YOUR GOAL. Copy out every record below exactly as written, but leave out any pictures.

GIVEN DATA.
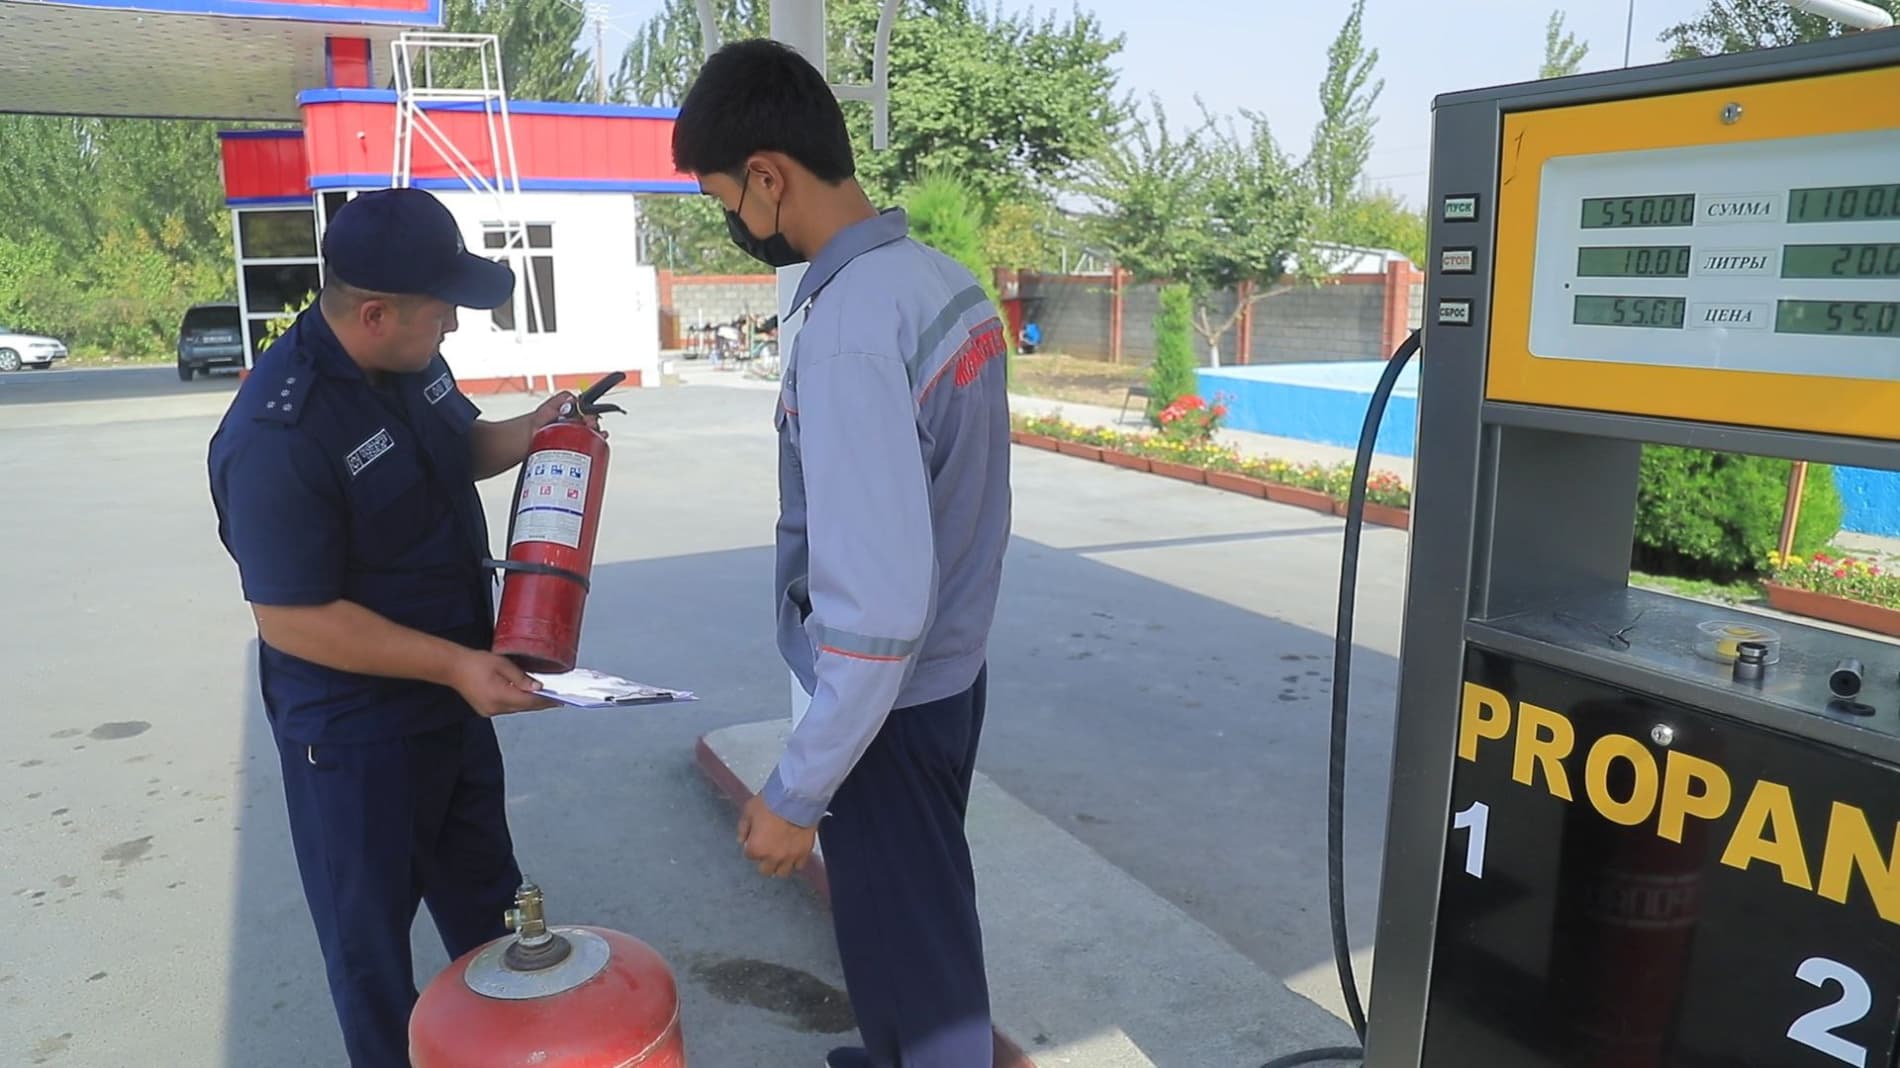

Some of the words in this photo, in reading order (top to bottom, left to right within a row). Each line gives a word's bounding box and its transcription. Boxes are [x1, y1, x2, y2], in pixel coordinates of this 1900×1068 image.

[1446, 202, 1473, 213] ПУСК
[1707, 203, 1771, 217] СУММА
[1442, 255, 1471, 265] СТОП
[1703, 256, 1768, 270] ЛИТРЫ
[1440, 308, 1465, 317] СБРОС
[1705, 308, 1752, 324] ЦЕНА
[1457, 681, 1900, 926] PROPAN
[1453, 801, 1489, 879] 1
[1786, 956, 1872, 1068] 2

RESPONSE FOR THIS EXERCISE.
Some of the words in this photo, in reading order (top to bottom, left to right within a row). Each line gives a word's bounding box and its transcription. Boxes are [x1, y1, x2, y2], in pixel coordinates of this 1900×1068 image.

[1446, 202, 1473, 213] ПУСК
[1707, 203, 1771, 217] СУММА
[1442, 255, 1471, 265] СТОП
[1703, 256, 1768, 270] ЛИТРЫ
[1440, 308, 1465, 317] СБРОС
[1705, 308, 1752, 324] ЦЕНА
[1457, 681, 1900, 926] PROPAN
[1453, 801, 1489, 879] 1
[1786, 956, 1872, 1068] 2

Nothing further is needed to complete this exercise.